Why Awareness Training Falls Short
Barrow is blunt about why security awareness efforts haven’t closed the gap. Most programs check a box for compliance or audits. People click through a module once a quarter, then go back to doing what they’ve always done.
“Current cyber-awareness trainings are imparting knowledge, but they’re not imparting behavior change,” she said.
In practice, most programs teach people how to spot phishing emails, not how to recognize manipulation in everyday interactions.
She’s deliberate about how she talks about security, too. Barrow wants people to stop seeing it as something to dread and start treating it as something they can explore, test and learn from.
“Being able to move cybersecurity from a place of fear to a place of inspiration and curiosity is really something that will light me up,” she said.
From there, she brings the conversation back to everyday behavior. Digital safety shouldn’t feel like a specialist discipline but more like basic safety.
“We teach our kids about stranger danger,” Barrow said. “But then we’re out there clicking on links from unknown people and picking up phone calls consistently from unknown numbers.”
That translation — from abstract risk to everyday decisions — is where Barrow sees her role. She sits at the intersection of security, product and communication, trying to turn technical risk into practical habits that shape day-to-day behavior.
In enterprise environments, especially across federal agencies and government contractors, that behavioral layer becomes even more consequential. A single manipulated employee can become an entry point into mission-critical systems. Barrow said the challenge isn’t simply preventing clicks but reshaping how organizations think about trust and persuasion at scale.
Turning Awareness Into Action
Romance scams like the one Barrow avoided are part of a much bigger fraud economy. The stories show up everywhere — in national headlines like USA Today’s Feb. 24 coverage of rising romance-scam losses and in daily posts on Reddit’s r/Scams about parents, partners and coworkers who sent thousands or even hundreds of thousands of dollars to imposters.
In 2024, the FBI’s Internet Crime Complaint Center logged about 18,000 confidence and romance scam reports nationwide. Federal Trade Commission data show U.S. consumers reported losing over $12.5 billion to fraud that year, a 25% jump driven by imposter scams, text scams and investment fraud.
That scope is what drives Barrow’s approach: less theory, more habit.
She calls it the ABCs of digital safety, built for real life, not checklists. She has long used Google Voice to protect her identity and keep her primary phone number off platforms she does not trust. With so much personal information tied to a main number, that small step limits how far a stranger can reach.
Barrow also talks about credit freezes, password managers and longer passwords, but she pushes people to focus on where they are most exposed: phones, public Wi-Fi, Bluetooth and the airport scroll.
That’s why she says training can’t stop at phishing. People have to learn how manipulation actually sounds in the wild, like a caller posing as a traveling CEO who needs something bought right now.
Barrow wants that sense of control for other people. Digital safety doesn’t have to feel like something looming over you. It can just be part of how you go about your day.

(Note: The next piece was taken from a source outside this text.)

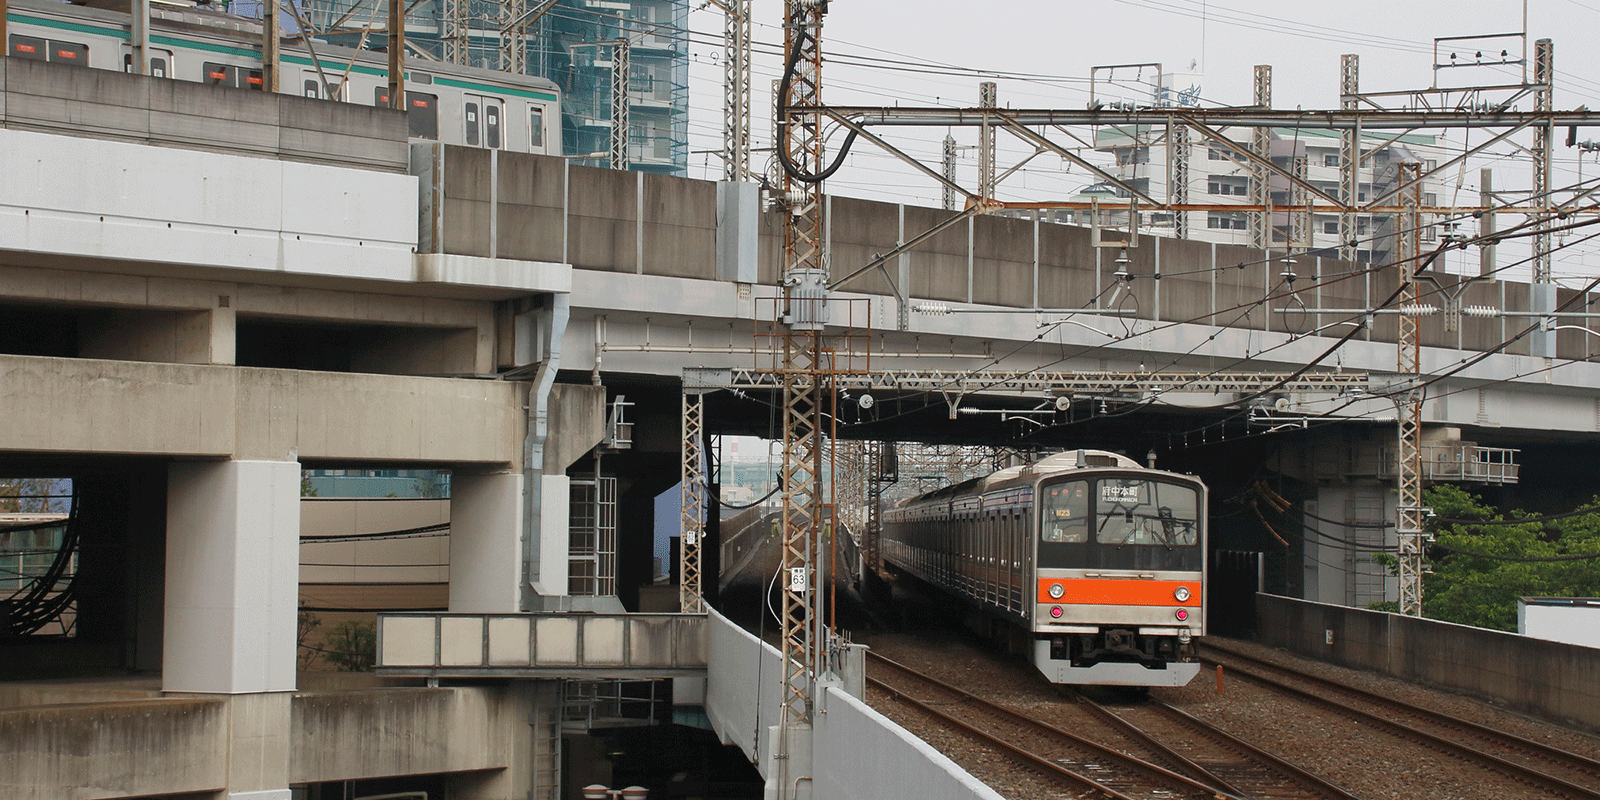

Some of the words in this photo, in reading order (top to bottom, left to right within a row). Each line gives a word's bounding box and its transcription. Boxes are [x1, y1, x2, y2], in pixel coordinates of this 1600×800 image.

[1102, 486, 1138, 497] 府中本町
[793, 575, 805, 585] 63

“We pause before crossing the street, and we look both ways,” she said. “Why are we not stopping before clicking on the link or picking up the phone call?”
Barrow envisions a system that works like a wellness tracker, a simple, transparent way for individuals and teams to see their digital hygiene over time. Like a credit score, it would offer a clear, evolving measure of human risk posture — built to drive awareness and improvement.
The bigger goal is to make digital safety feel like an ordinary part of daily life, like fastening a seatbelt, not something people only think about after something has gone wrong, she said.
That starts with stories that connect the digital to the real world. But it doesn’t end there. For organizations, it means building secure behaviors into everyday workflows so safe decisions become habitual, not heroic.
The work now is turning awareness into instinct — so the next polite message from a stranger doesn’t automatically get the benefit of the doubt.